In the present case, appellant did not enter a guilty plea in reliance on the plea agreement; thus, his reliance on Santobello, Johnson, Jordan, and Jones is misplaced. This is not a case, however, where the government sought to withdraw an agreement that consisted solely of an exchange of executory promises upon which the defendant had not acted. Cf. Mabry, 467 U.S. at 507-08, 104 S.Ct. at 2546-47; Heiler, 262 N.W.2d at 892. Rather, this case presents the middle ground. Here, because appellant had fully performed his obligation under the terms of the agreement, he was entitled to have the agreement enforced.

Accordingly, we reverse appellant’s conviction on the habitual offender charge5 and remand for further proceedings consistent with this opinion.

Reversed and remanded.

. Appellant was also convicted of driving while intoxicated.

. Indeed, a defendant's "detrimental reliance” is manifest when he or she enters a plea of guilty pursuant to an agreement with the government because "the entry of a guilty plea is a waiver of certain constitutional rights ... [including] the Fifth Amendment right against compulsory self-incrimination, the Sixth Amendment right to trial by jury, and the Sixth Amendment right of confrontation.” See, e.g., Gardner v. Warden, 222 Va. 491, 493-94, 281 S.E.2d 876, 877 (1981).

. We recognize that the procedural posture of a case may demand that enforcement be determined in strict adherence to constitutional principles. See Mabry, 467 U.S. at 507, 104 S.Ct. at 2546 (where defendant could "obtain ... relief only if his custody is in violation of the Federal Constitution”). Our decision here, however, is not constrained by such principles.

In addition, we note that the performance necessary to implicate the constitution as a vehicle for enforcing a plea agreement has received varying interpretation. Some courts have held that the constitution requires enforcement only where a defendant enters an involuntary plea in reliance on the agreement. See United States v. Coon, 805 F.2d 822, 825 (8th Cir.1986). Under that theory, even cooperation with the *653govemment that leads to incriminating statements does not implicate the constitution, because incriminating statements can simply be suppressed at trial. See id. Other courts have held that the constitution requires enforcement only when a defendant waives a constitutional right in reliance on the agreement. See Navarroli, 118 Ill.Dec. 414, 521 N.E.2d at 895 (agreement not enforced because defendant’s cooperation in informing police with respect to ongoing drug transactions did not implicate constitutional right). Yet other courts hold that enforcement on constitutional grounds does not require a defendant's reliance on the agreement to implicate constitutional rights. See People v. Macrander, 756 P.2d 356, 360-61 (Colo.1988) (waiver of preliminary hearing in reliance on agreement sufficient to require enforcement of agreement).

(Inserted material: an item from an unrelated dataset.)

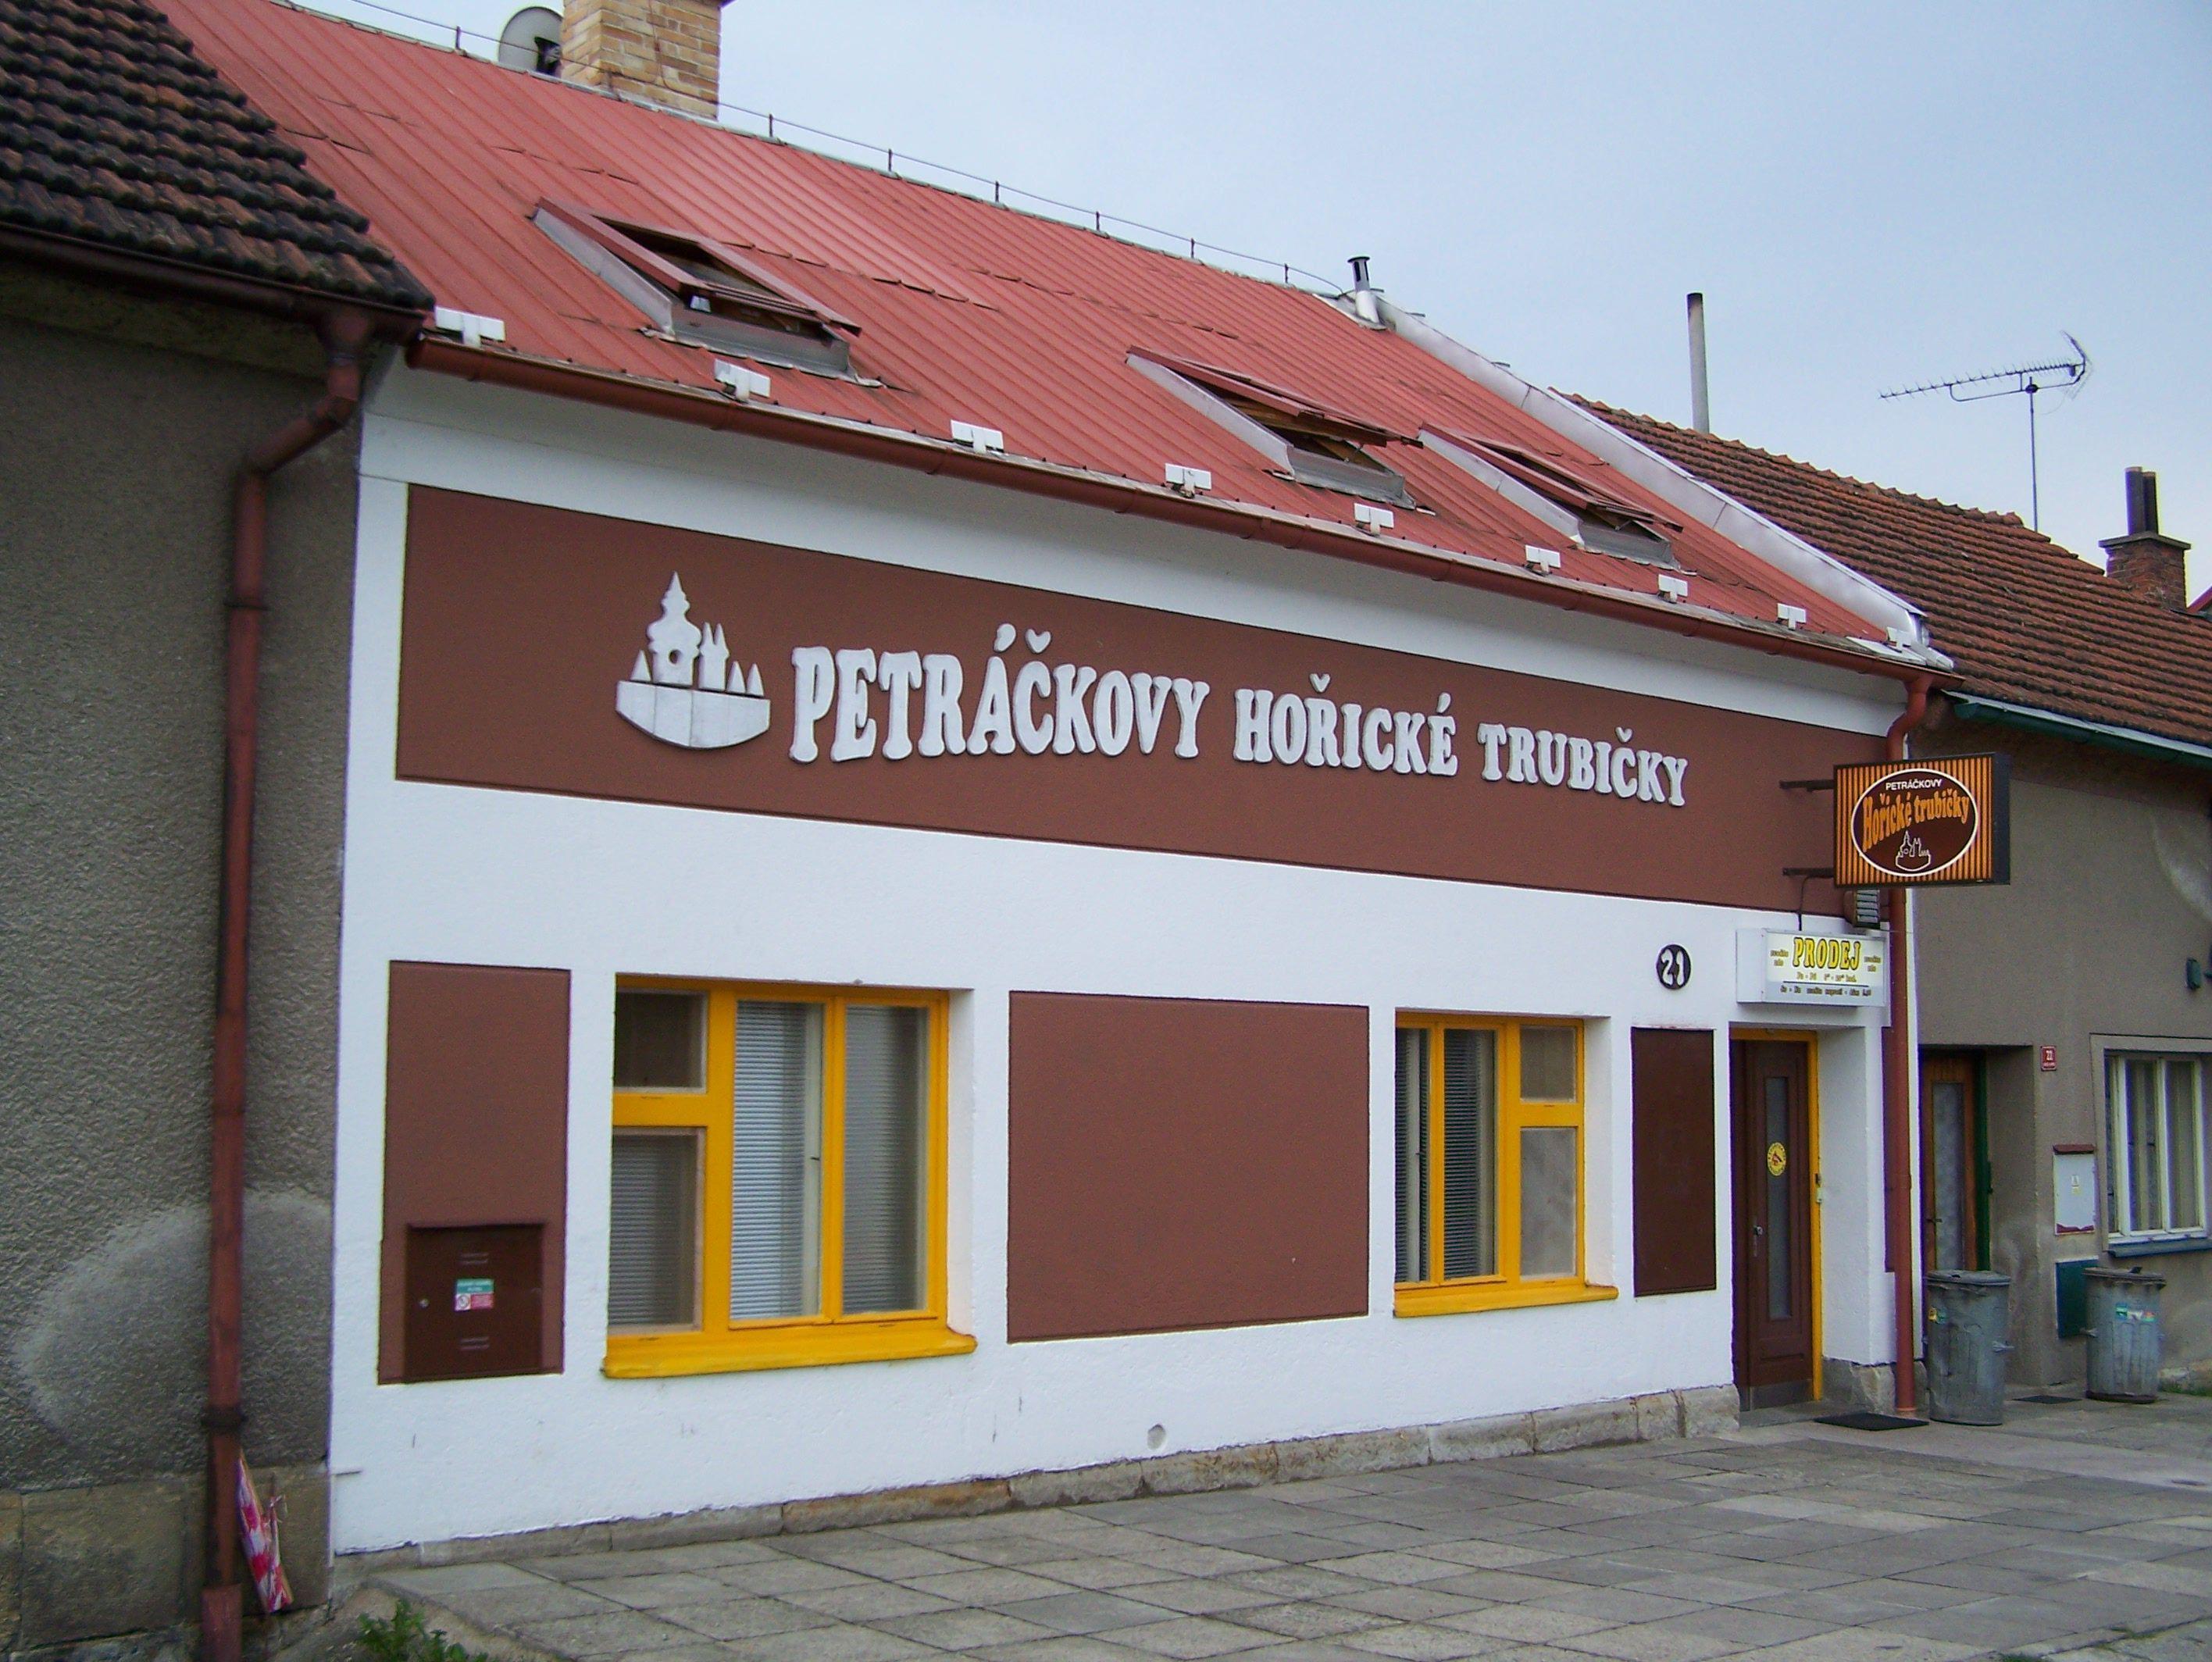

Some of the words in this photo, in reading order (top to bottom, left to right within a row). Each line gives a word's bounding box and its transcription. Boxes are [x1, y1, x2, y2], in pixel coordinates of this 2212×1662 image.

. We reject the Commonwealth's suggestion that a plea agreement has no legal significance until it is accepted by the court pursuant to Rule 3A:8(c)(l). That contention is contrary to the vast weight of authority on the subject and ignores the heart of the issue in these cases: the government’s fair treatment of criminal defendants during the course of plea bargaining.

. The appellant's conviction on the DWI charge remains unchanged by this decision since the Commonwealth’s failure to perfonn its part of the agreement had no detrimental effect on appellant with respect to this charge.